Task details: Take the line that has "this 1600×1200 image." and all the lines that come after it in the records, and write them out again exactly. Add no other line.

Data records
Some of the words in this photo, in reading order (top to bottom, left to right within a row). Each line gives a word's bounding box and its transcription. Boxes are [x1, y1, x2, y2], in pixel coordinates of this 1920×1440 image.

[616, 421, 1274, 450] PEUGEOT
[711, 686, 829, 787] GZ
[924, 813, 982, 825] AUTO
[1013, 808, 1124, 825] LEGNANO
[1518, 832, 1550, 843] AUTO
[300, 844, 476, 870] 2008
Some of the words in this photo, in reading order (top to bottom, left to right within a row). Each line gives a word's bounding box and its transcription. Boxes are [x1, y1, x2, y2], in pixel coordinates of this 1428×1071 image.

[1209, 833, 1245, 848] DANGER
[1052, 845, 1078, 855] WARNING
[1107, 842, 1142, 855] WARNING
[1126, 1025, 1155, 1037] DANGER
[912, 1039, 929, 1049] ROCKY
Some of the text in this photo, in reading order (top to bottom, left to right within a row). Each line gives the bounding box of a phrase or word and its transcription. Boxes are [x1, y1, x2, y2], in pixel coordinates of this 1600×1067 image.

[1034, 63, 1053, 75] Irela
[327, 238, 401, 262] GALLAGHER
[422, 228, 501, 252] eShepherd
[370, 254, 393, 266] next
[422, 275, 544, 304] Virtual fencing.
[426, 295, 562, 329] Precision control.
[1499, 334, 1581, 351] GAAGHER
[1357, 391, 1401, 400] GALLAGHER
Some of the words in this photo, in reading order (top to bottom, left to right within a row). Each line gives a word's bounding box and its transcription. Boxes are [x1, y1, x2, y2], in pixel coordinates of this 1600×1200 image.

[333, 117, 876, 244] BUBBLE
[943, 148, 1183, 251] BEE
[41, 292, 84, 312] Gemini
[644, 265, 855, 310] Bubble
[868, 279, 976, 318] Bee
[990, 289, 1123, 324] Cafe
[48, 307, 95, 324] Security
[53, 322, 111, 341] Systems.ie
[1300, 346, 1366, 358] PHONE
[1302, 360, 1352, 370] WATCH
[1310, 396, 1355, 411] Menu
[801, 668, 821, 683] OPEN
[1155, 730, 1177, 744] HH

Exercise output:
Some of the words in this photo, in reading order (top to bottom, left to right within a row). Each line gives a word's bounding box and its transcription. Boxes are [x1, y1, x2, y2], in pixel coordinates of this 1600×1200 image.

[333, 117, 876, 244] BUBBLE
[943, 148, 1183, 251] BEE
[41, 292, 84, 312] Gemini
[644, 265, 855, 310] Bubble
[868, 279, 976, 318] Bee
[990, 289, 1123, 324] Cafe
[48, 307, 95, 324] Security
[53, 322, 111, 341] Systems.ie
[1300, 346, 1366, 358] PHONE
[1302, 360, 1352, 370] WATCH
[1310, 396, 1355, 411] Menu
[801, 668, 821, 683] OPEN
[1155, 730, 1177, 744] HH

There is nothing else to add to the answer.